_Required work_.
Every line of the data must appear again in the answer, exactly as written.

_Data provided_.
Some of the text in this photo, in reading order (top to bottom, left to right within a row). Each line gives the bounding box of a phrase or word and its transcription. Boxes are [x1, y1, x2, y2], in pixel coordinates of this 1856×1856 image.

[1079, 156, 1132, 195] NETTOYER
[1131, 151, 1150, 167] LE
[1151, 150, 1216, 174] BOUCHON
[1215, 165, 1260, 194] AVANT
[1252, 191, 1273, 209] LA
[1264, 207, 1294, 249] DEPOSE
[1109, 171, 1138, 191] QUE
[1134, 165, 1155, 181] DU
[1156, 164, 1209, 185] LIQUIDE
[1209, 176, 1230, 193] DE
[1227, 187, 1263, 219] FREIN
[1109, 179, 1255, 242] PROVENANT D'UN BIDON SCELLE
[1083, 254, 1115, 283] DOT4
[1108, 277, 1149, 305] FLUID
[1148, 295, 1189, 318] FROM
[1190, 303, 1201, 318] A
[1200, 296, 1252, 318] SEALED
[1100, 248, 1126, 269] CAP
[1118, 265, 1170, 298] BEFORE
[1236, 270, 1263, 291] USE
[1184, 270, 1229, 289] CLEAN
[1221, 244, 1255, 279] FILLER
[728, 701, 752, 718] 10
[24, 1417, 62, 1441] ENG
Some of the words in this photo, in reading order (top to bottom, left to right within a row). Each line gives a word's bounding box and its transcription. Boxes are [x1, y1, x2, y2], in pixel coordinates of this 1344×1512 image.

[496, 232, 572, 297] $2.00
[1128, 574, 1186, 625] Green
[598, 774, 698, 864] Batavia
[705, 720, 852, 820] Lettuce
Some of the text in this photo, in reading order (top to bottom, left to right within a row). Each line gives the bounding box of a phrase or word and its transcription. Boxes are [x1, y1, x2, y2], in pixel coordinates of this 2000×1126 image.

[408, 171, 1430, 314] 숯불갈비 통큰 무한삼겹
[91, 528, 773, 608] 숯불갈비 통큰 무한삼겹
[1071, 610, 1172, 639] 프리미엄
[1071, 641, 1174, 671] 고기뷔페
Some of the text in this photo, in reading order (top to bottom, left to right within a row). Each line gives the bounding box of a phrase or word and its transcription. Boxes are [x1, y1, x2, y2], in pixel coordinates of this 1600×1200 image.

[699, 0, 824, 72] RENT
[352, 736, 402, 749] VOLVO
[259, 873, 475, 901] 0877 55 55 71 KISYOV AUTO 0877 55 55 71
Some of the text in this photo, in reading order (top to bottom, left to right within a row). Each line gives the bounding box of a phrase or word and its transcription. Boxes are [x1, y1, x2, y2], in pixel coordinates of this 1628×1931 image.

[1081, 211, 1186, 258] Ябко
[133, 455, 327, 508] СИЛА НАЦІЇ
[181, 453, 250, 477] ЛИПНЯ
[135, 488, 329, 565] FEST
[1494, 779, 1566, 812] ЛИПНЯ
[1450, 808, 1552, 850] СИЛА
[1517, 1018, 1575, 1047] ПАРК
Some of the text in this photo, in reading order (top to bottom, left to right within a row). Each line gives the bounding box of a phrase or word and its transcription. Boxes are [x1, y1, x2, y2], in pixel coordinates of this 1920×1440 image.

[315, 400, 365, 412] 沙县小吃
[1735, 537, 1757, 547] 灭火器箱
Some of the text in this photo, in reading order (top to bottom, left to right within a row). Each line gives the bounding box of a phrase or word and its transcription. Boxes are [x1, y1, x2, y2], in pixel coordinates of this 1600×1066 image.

_Answer box_.
Some of the text in this photo, in reading order (top to bottom, left to right within a row). Each line gives the bounding box of a phrase or word and its transcription. Boxes are [x1, y1, x2, y2], in pixel coordinates of this 1856×1856 image.

[1079, 156, 1132, 195] NETTOYER
[1131, 151, 1150, 167] LE
[1151, 150, 1216, 174] BOUCHON
[1215, 165, 1260, 194] AVANT
[1252, 191, 1273, 209] LA
[1264, 207, 1294, 249] DEPOSE
[1109, 171, 1138, 191] QUE
[1134, 165, 1155, 181] DU
[1156, 164, 1209, 185] LIQUIDE
[1209, 176, 1230, 193] DE
[1227, 187, 1263, 219] FREIN
[1109, 179, 1255, 242] PROVENANT D'UN BIDON SCELLE
[1083, 254, 1115, 283] DOT4
[1108, 277, 1149, 305] FLUID
[1148, 295, 1189, 318] FROM
[1190, 303, 1201, 318] A
[1200, 296, 1252, 318] SEALED
[1100, 248, 1126, 269] CAP
[1118, 265, 1170, 298] BEFORE
[1236, 270, 1263, 291] USE
[1184, 270, 1229, 289] CLEAN
[1221, 244, 1255, 279] FILLER
[728, 701, 752, 718] 10
[24, 1417, 62, 1441] ENG
Some of the words in this photo, in reading order (top to bottom, left to right within a row). Each line gives a word's bounding box and its transcription. Boxes are [x1, y1, x2, y2], in pixel coordinates of this 1344×1512 image.

[496, 232, 572, 297] $2.00
[1128, 574, 1186, 625] Green
[598, 774, 698, 864] Batavia
[705, 720, 852, 820] Lettuce
Some of the text in this photo, in reading order (top to bottom, left to right within a row). Each line gives the bounding box of a phrase or word and its transcription. Boxes are [x1, y1, x2, y2], in pixel coordinates of this 2000×1126 image.

[408, 171, 1430, 314] 숯불갈비 통큰 무한삼겹
[91, 528, 773, 608] 숯불갈비 통큰 무한삼겹
[1071, 610, 1172, 639] 프리미엄
[1071, 641, 1174, 671] 고기뷔페
Some of the text in this photo, in reading order (top to bottom, left to right within a row). Each line gives the bounding box of a phrase or word and its transcription. Boxes are [x1, y1, x2, y2], in pixel coordinates of this 1600×1200 image.

[699, 0, 824, 72] RENT
[352, 736, 402, 749] VOLVO
[259, 873, 475, 901] 0877 55 55 71 KISYOV AUTO 0877 55 55 71
Some of the text in this photo, in reading order (top to bottom, left to right within a row). Each line gives the bounding box of a phrase or word and its transcription. Boxes are [x1, y1, x2, y2], in pixel coordinates of this 1628×1931 image.

[1081, 211, 1186, 258] Ябко
[133, 455, 327, 508] СИЛА НАЦІЇ
[181, 453, 250, 477] ЛИПНЯ
[135, 488, 329, 565] FEST
[1494, 779, 1566, 812] ЛИПНЯ
[1450, 808, 1552, 850] СИЛА
[1517, 1018, 1575, 1047] ПАРК
Some of the text in this photo, in reading order (top to bottom, left to right within a row). Each line gives the bounding box of a phrase or word and its transcription. Boxes are [x1, y1, x2, y2], in pixel coordinates of this 1920×1440 image.

[315, 400, 365, 412] 沙县小吃
[1735, 537, 1757, 547] 灭火器箱
Some of the text in this photo, in reading order (top to bottom, left to right within a row). Each line gives the bounding box of a phrase or word and its transcription. Boxes are [x1, y1, x2, y2], in pixel coordinates of this 1600×1066 image.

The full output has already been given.